3. Concentration of Credit Risk:
----------------------------
The following schedule presents total rental and earned income from
individual restaurant chains, each representing more than ten percent of
the Partnership's total rental and earned income (including the
Partnership's share of total rental and earned income from joint
ventures) for at least one of the quarters ended June 30:
1996 1995
--------- ---------
Burger King $ 178,661 $ 178,932
Jack in the Box 170,413 171,427
Golden Corral Family
Steakhouse Restaurants 138,080 136,669
Hardees 115,877 117,722
Shoney's 110,473 49,446
Perkins 98,900 114,643
Although the Partnership's properties are geographically diverse and the
Partnership's lessees operate a variety of restaurant concepts, failure
of any one of these restaurant chains or any lessee that contributes
more than ten percent of the Partnership's rental income could
significantly impact the results of operation of the Partnership.

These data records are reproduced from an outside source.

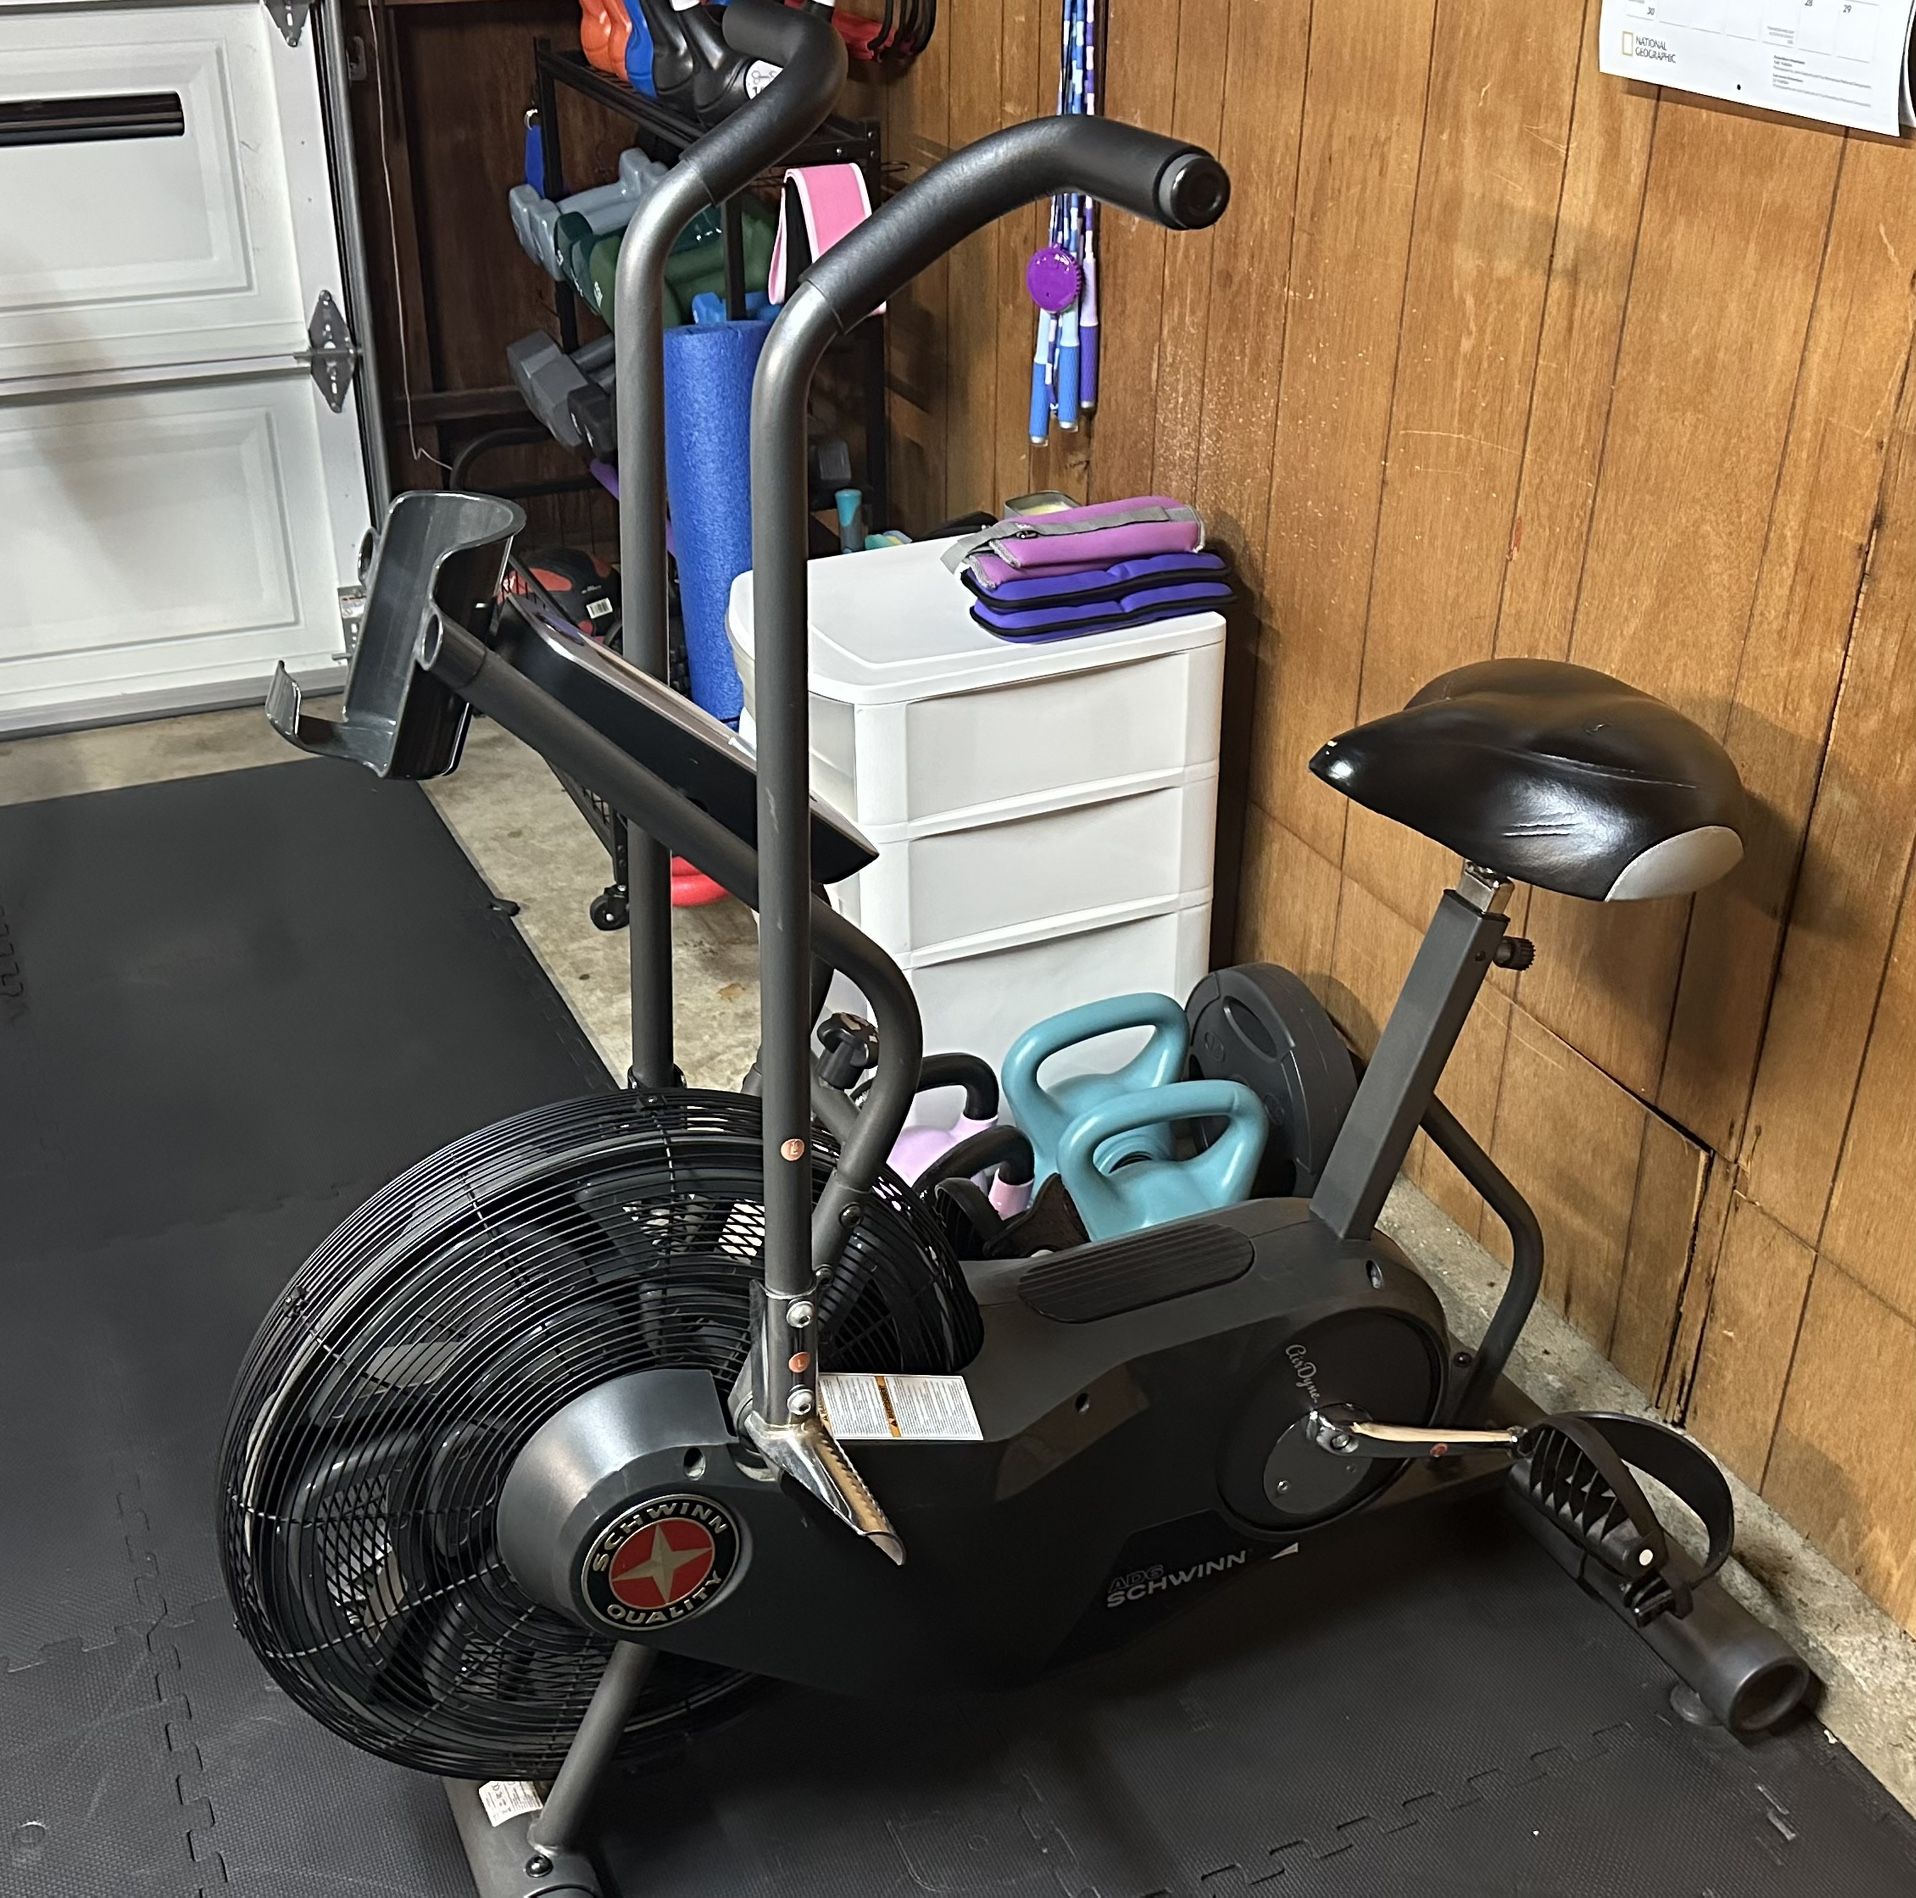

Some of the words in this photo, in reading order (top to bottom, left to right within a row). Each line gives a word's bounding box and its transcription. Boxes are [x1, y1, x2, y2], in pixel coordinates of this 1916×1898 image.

[1647, 6, 1656, 16] 30
[1843, 4, 1852, 13] 29
[1635, 35, 1667, 51] NATIONAL
[1635, 46, 1677, 64] GEOGRAPHIC
[1285, 1344, 1320, 1401] AirDyne
[592, 1502, 728, 1572] SCHWINN
[1107, 1550, 1248, 1608] SCHWINN
[606, 1570, 722, 1625] QUALITY

However, the general partners believe that the risk of such a default is
reduced due to the essential or important nature of these properties for
the on-going operations of the lessees.
4. Commitments and Contingencies:
-----------------------------
During 1992, the Partnership entered into two agreements with a tenant
which provide terms for certain improvements to properties the tenant
currently leases from the Partnership. The agreements provide a maximum
aggregate amount of costs to be paid by the Partnership of $165,000.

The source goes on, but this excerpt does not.